@reaatech/media-pipeline-mcp-doc-extraction
Status: Pre-1.0 — APIs may change in minor versions. Pin to a specific version in production.
Document extraction operations — OCR, table extraction, structured field extraction, and content summarization — via provider delegation to vision-capable LLMs with automatic fallback chains.
Installation
npm install @reaatech/media-pipeline-mcp-doc-extraction
# or
pnpm add @reaatech/media-pipeline-mcp-doc-extractionFeature Overview
- OCR (Optical Character Recognition) — extract text from document images and PDFs in plain text, markdown, or structured JSON formats
- Table extraction — extract tables from documents as markdown tables or structured JSON with headers and rows
- Field extraction — schema-driven extraction of typed fields (string, number, date, boolean, array) from documents
- Content summarization — summarize document content in multiple lengths (short, medium, long) and styles (bullet-points, paragraph, executive)
- Multi-provider routing — operation-based lookup with preferred provider selection
- Automatic fallback — falls back to
image.describecapable providers when document-specific providers are unavailable (Google → Anthropic → OpenAI vision) - Provider-agnostic — works with Anthropic, Google Document AI, OpenAI, and any conformant provider
Quick Start
import { createDocumentExtractionOperations } from "@reaatech/media-pipeline-mcp-doc-extraction";
import { GoogleProvider } from "@reaatech/media-pipeline-mcp-google";
import { AnthropicProvider } from "@reaatech/media-pipeline-mcp-anthropic";
const ops = createDocumentExtractionOperations(artifactRegistry, storage);
// Register providers
ops.registerProvider("google", new GoogleProvider({
projectId: "my-gcp-project",
documentAiProcessorId: "processor-id",
}));
ops.registerProvider("anthropic", new AnthropicProvider({
apiKey: process.env.ANTHROPIC_API_KEY!,
}));
// Extract text from a document image
const text = await ops.ocr({
artifactId: "scan-123",
format: "markdown",
language: "en",
});
// Extract tables from a scanned report
const tables = await ops.extractTables({
artifactId: "report-456",
outputFormat: "json",
});
// Extract typed fields using a schema
const fields = await ops.extractFields({
artifactId: "invoice-789",
fields: [
{ name: "invoice_number", type: "string", description: "The invoice number" },
{ name: "invoice_date", type: "date", description: "The invoice date" },
{ name: "total", type: "number", description: "The total amount" },
{ name: "is_paid", type: "boolean", description: "Whether the invoice is paid" },
{ name: "line_items", type: "array", description: "Line items" },
],
});
// Summarize a long document
const summary = await ops.summarize({
artifactId: "article-101",
length: "medium",
style: "executive",
});API Reference
createDocumentExtractionOperations(artifactRegistry, storage)
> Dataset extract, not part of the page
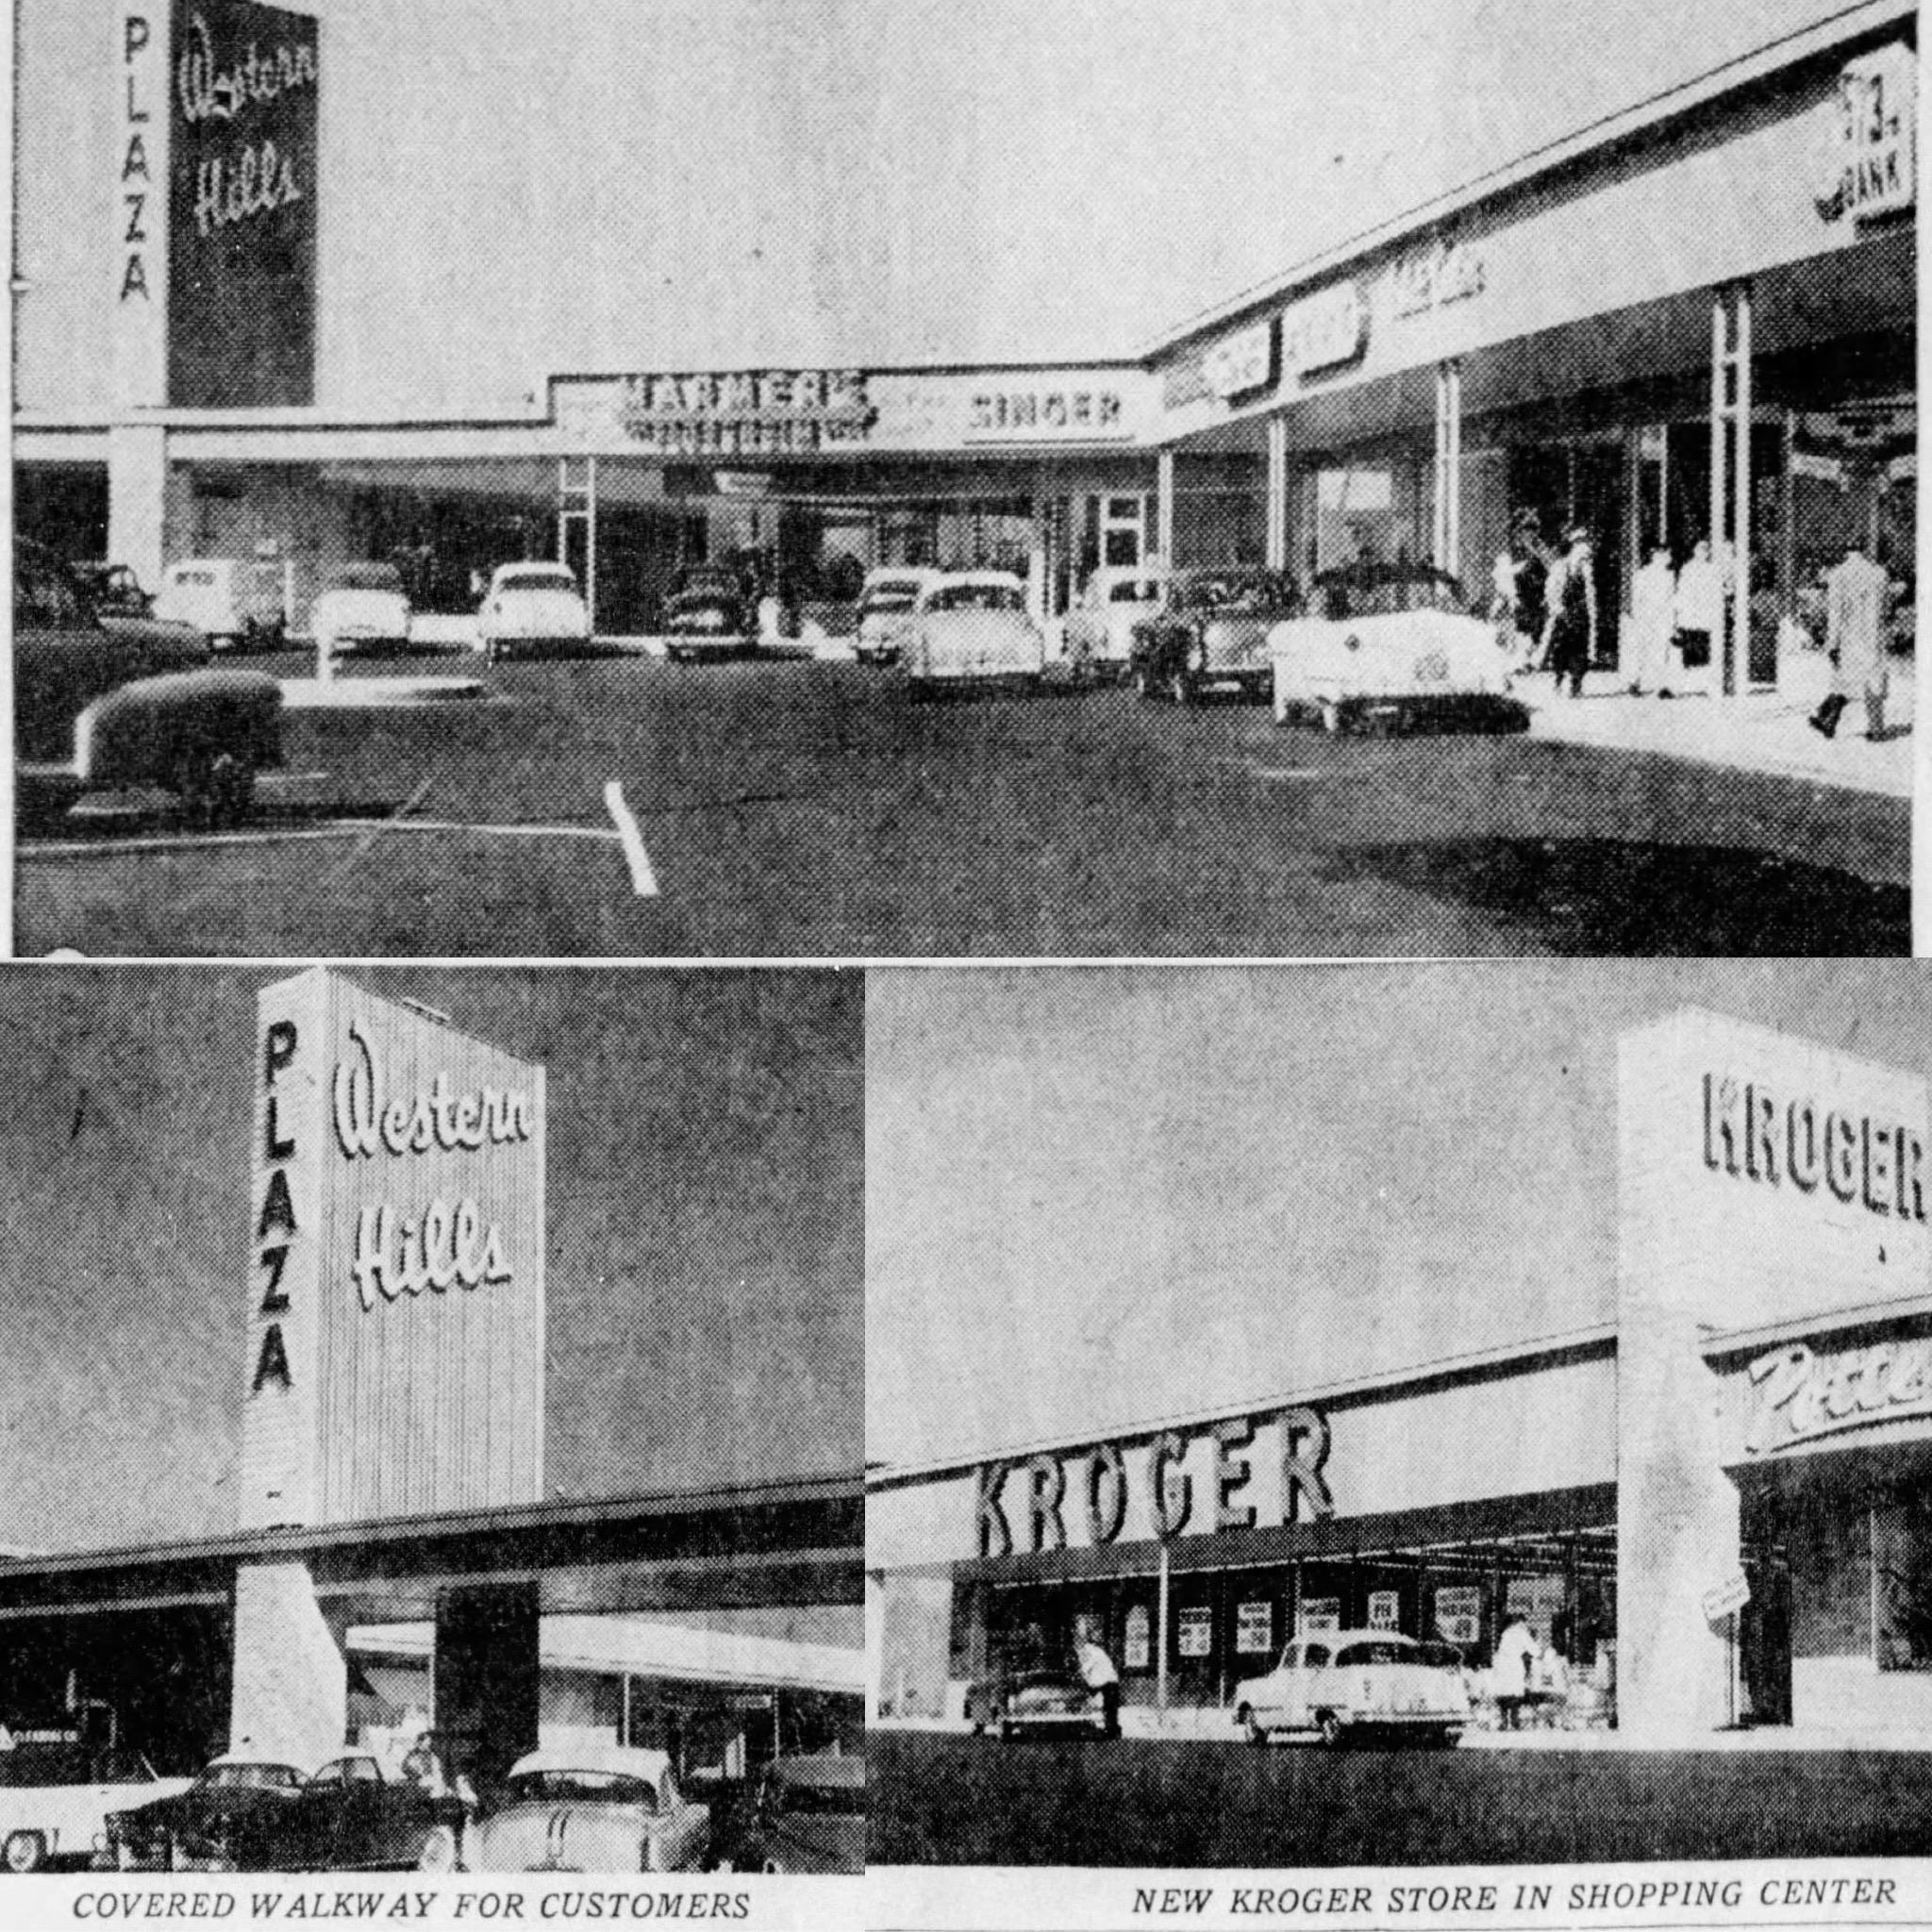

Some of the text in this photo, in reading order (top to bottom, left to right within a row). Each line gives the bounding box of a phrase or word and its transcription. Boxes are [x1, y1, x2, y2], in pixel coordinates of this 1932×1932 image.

Factory function that creates a DocumentExtractionOperations instance.
function createDocumentExtractionOperations(
artifactRegistry: ArtifactRegistry,
storage: ArtifactStore,
): DocumentExtractionOperations;DocumentExtractionOperations
Main class providing all document extraction and summarization capabilities. Operations delegate to registered providers based on operation type with automatic fallback chains.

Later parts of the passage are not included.